Thuisprutser houdt niet van herhalen

Afbeelding
kleintje cultuur

Geke Prins exposeert in Galerie Huis ter Heide


RODEN – Sinds Geke Prins in 1985 in Roden kwam wonen, is ze zich bezig gaan houden met keramiek. Een beslissing waar ze allerminst spijt van heeft gekregen. Waar ze eerst nog lid was van een keramiekclub, is ze nu – zoals ze het zelf omschrijft – ‘meer een thuisprutser’. De Krant zocht de hobbyist op.


Geke kwam dan wel in ’85 vanuit Dalfsen in Roden wonen, het was in Peize waar ze kennismaakte met keramiek. ‘Er was een keramiekgroep in Peize en dat leek me wel leuk. Daarvoor was ik ook altijd creatief bezig en deed ik veel verschillende dingen. Maar klei was nieuw voor mij.’ Het beviel direct goed, zo bleek. ‘Later zou ik ook altijd terugkomen bij de klei. Ik weet niet waarom, het voelde gewoon goed.’


Waar het werk van Geke eerst voor realistisch was, nam het steeds meer een vlucht naar de abstracte kunst. ‘Hoe dat komt? Geen idee eigenlijk. Het ging vanzelf. Ik werk toch vanuit mijn gevoel.’ Op den duur kocht Geke een oven, zodat ze niet meer afhankelijk was van anderen en zelf haar werktempo kon bepalen. ‘De man die mij de oven verkocht, complimenteerde mij om mijn kunstwerken. Dat gaf mij vertrouwen, waarna ik op zoek ging om te exposeren. Uiteindelijk kon ik bij De Oranjerie in Zeijen terecht.’

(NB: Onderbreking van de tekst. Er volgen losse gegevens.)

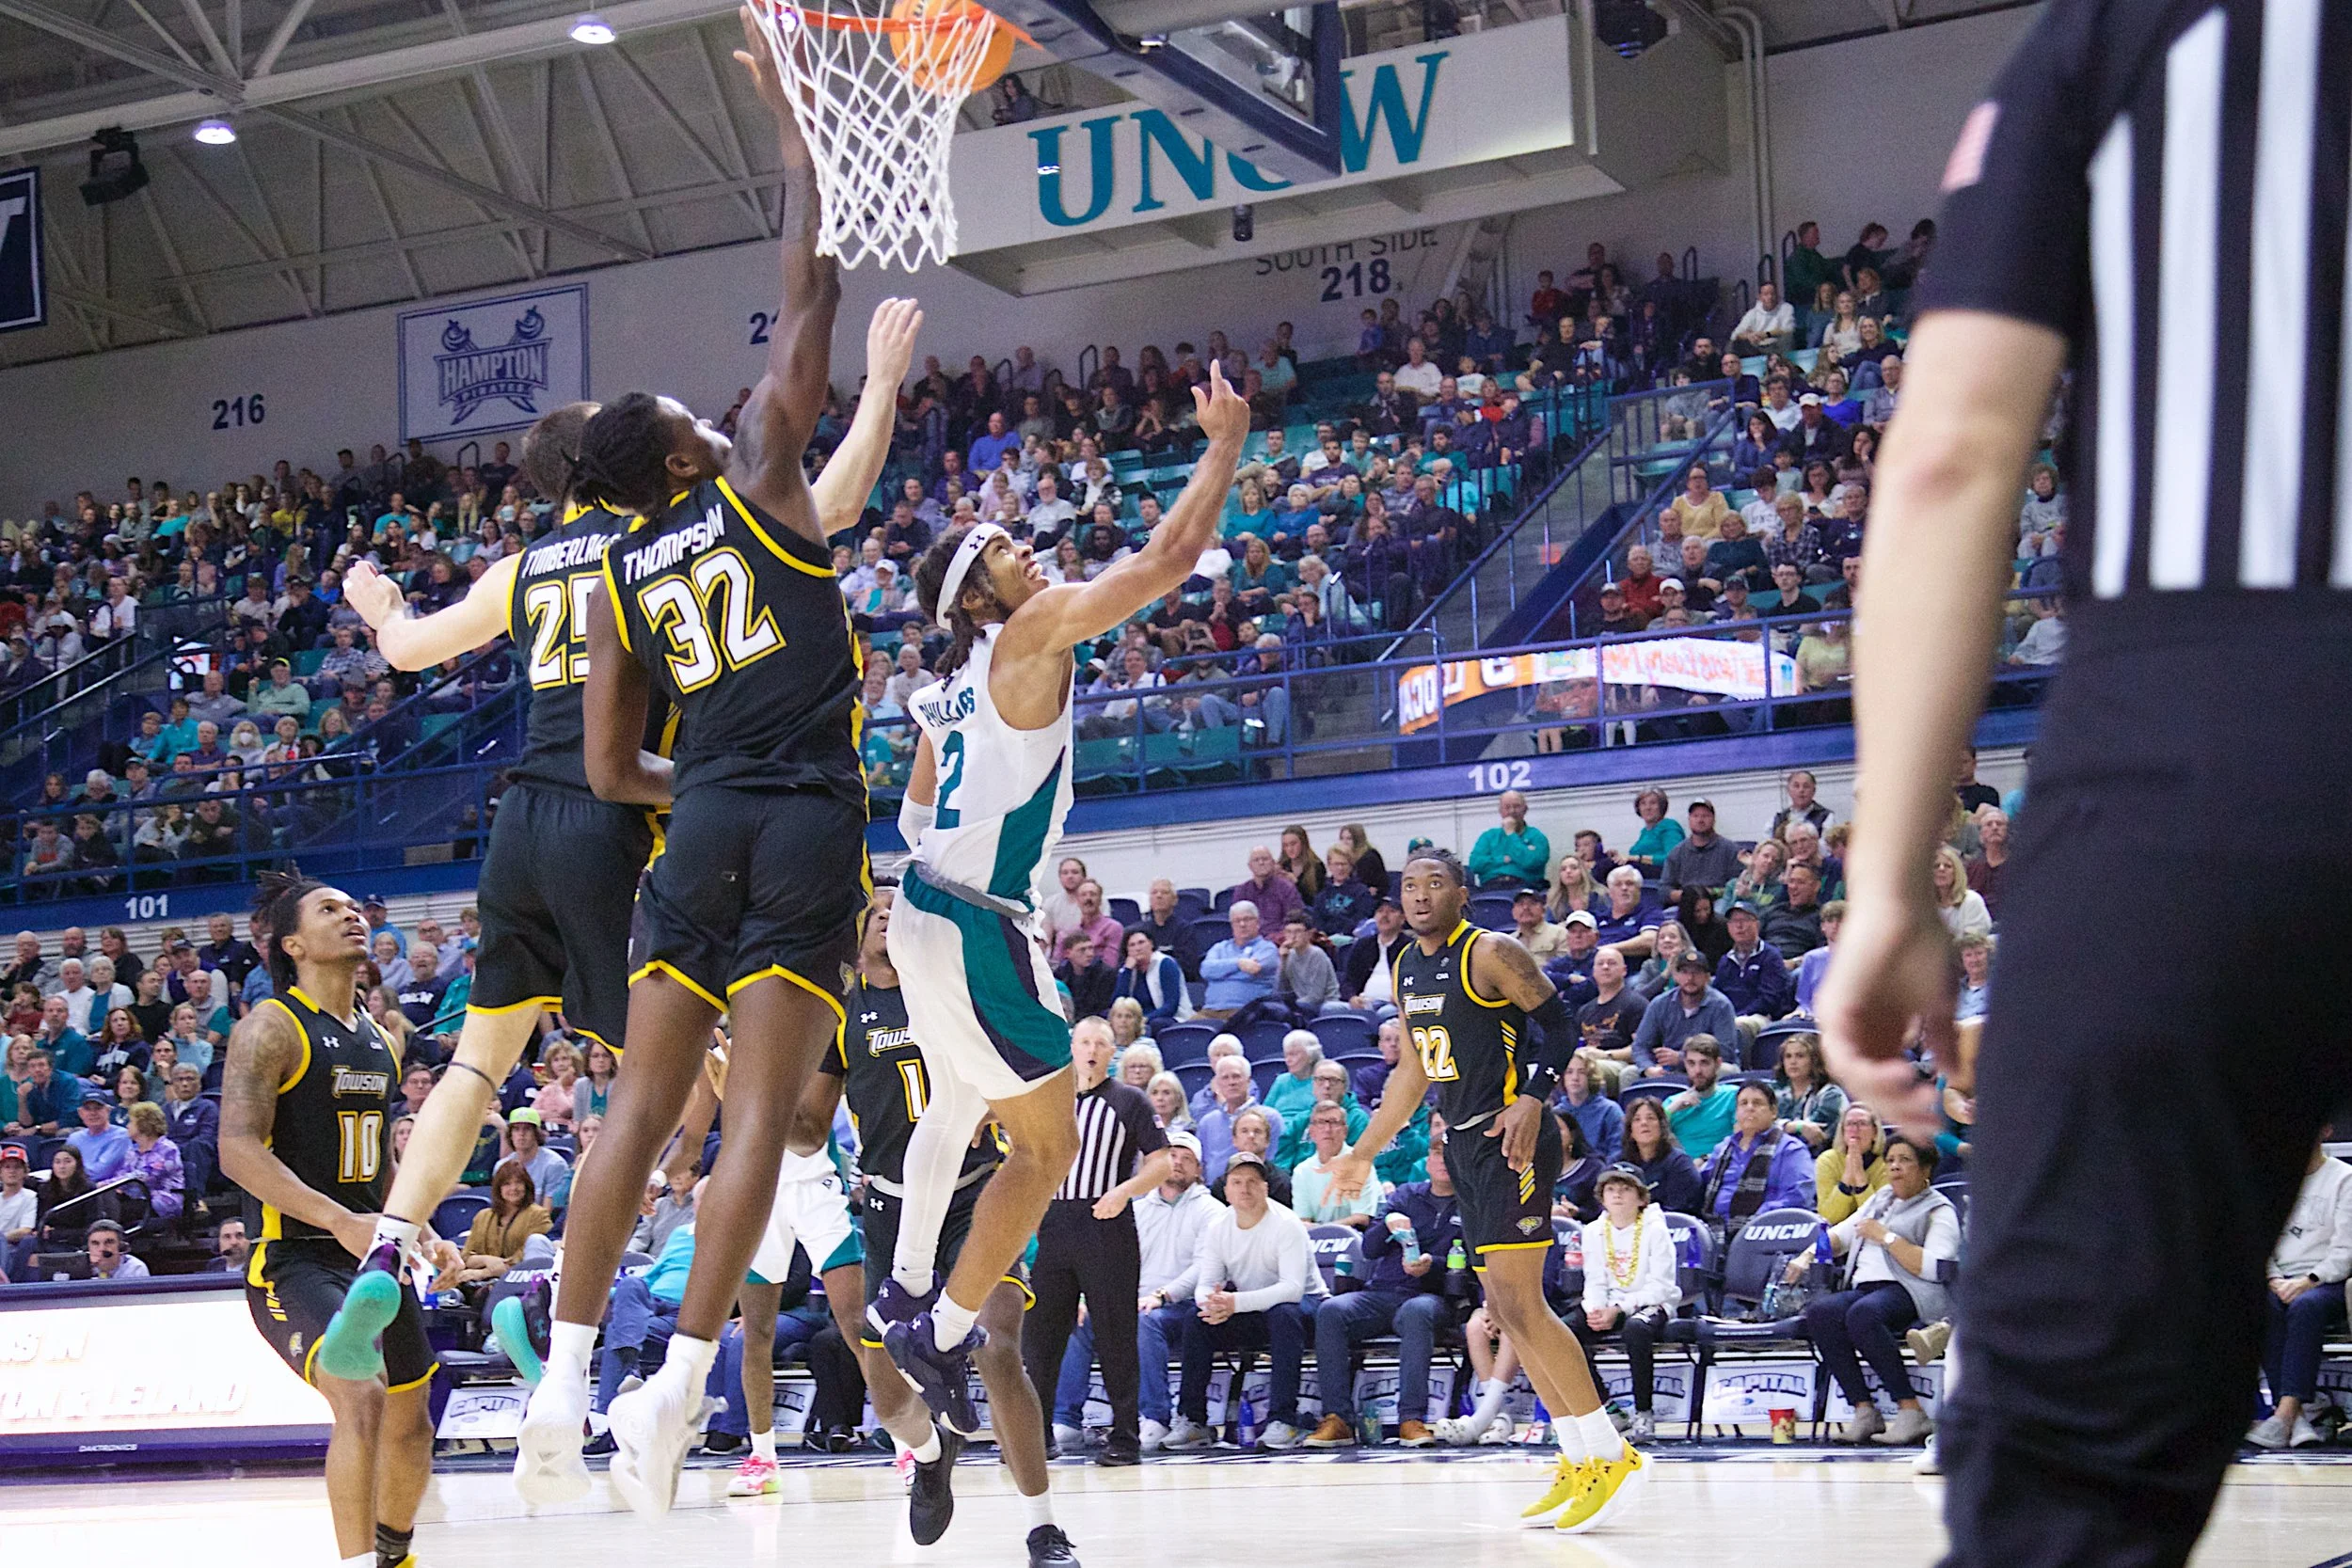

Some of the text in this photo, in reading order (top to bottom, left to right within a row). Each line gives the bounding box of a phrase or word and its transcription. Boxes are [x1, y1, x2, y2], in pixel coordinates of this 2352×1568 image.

Aldaar had Geke vijf jaar lang haar eigen vitrine. ‘Ik mocht hem naar eigen invulling inrichten. En het verkocht ook goed.’ Na vijf jaar kwam hier echter een eind aan, waardoor de kunstenares meer tijd had om haar werk ook elders te laten zien. ‘Ik exposeerde in de noordelijke provincies. Dat deed ik bijvoorbeeld veel in ziekenhuizen. Tien jaar geleden exposeerde ik voor het eerst in Galerie Huis ter Heide en dat doe ik nu weer.’


Geke begint altijd met een schets. ‘Het maken van een ontwerp is voor mij belangrijk’, zegt ze. ‘Ik begin altijd met een idee. Dat werk ik dan verder uit. Dan rol ik klei uit, om het vervolgens te snijden en aan elkaar te plakken. Wanneer het gedroogd is, gaat het de oven in. Soms doe ik het werk nog in een vat met zaagsel. Dat levert mooie rookeffecten op. Je weet dan van tevoren nooit wat er uitkomt en hoe het eruit gaat zien.’


Voor een kunstenaar is Geke vrij commercieel ingesteld. Dat wil zeggen, ze ziet het als een sport om werk te verkopen. En dat lukt vrij aardig. ‘Ik heb op markten gestaan en veel geëxposeerd, en het is me nog nooit overkomen dat ik niks verkocht’, zegt ze. ‘Dat verkopen geeft een kick. Het is mooi om te weten dat mensen een kunstwerk van je thuis hebben staan.’ En duur hoeft het bovendien niet te zijn, zo bewijst Geke. ‘Ik heb van mijn werk niet heel veel kosten en hou de prijs ook laag. Zomers bijvoorbeeld, dan maak ik kleine dingetjes die bij de Theetuin in Veenhuizen worden verkocht.’


In opdracht werken doet ze echter nooit. ‘Nee, daar hou ik niet van. Gewoon dingen maken die ik leuk vind en dan zie ik wel of mensen dat willen kopen. Aan herhalen heb ik een hekel. Geen enkel werk is bij mij hetzelfde.’


Bijzonder is dat Geke geheel autodidact alles leerde. Een echte opleiding heeft ze nooit gevolgd. ‘Op de cursussen na, ben ik vooral zelf wegwijs geworden’, zegt ze. En misschien is dat ook wel hét geheim om een eigen stijl te ontwikkelen…


Het werk van Geke is nog tot 5 januari 2020 te zien in Galerie Huis ter Heide.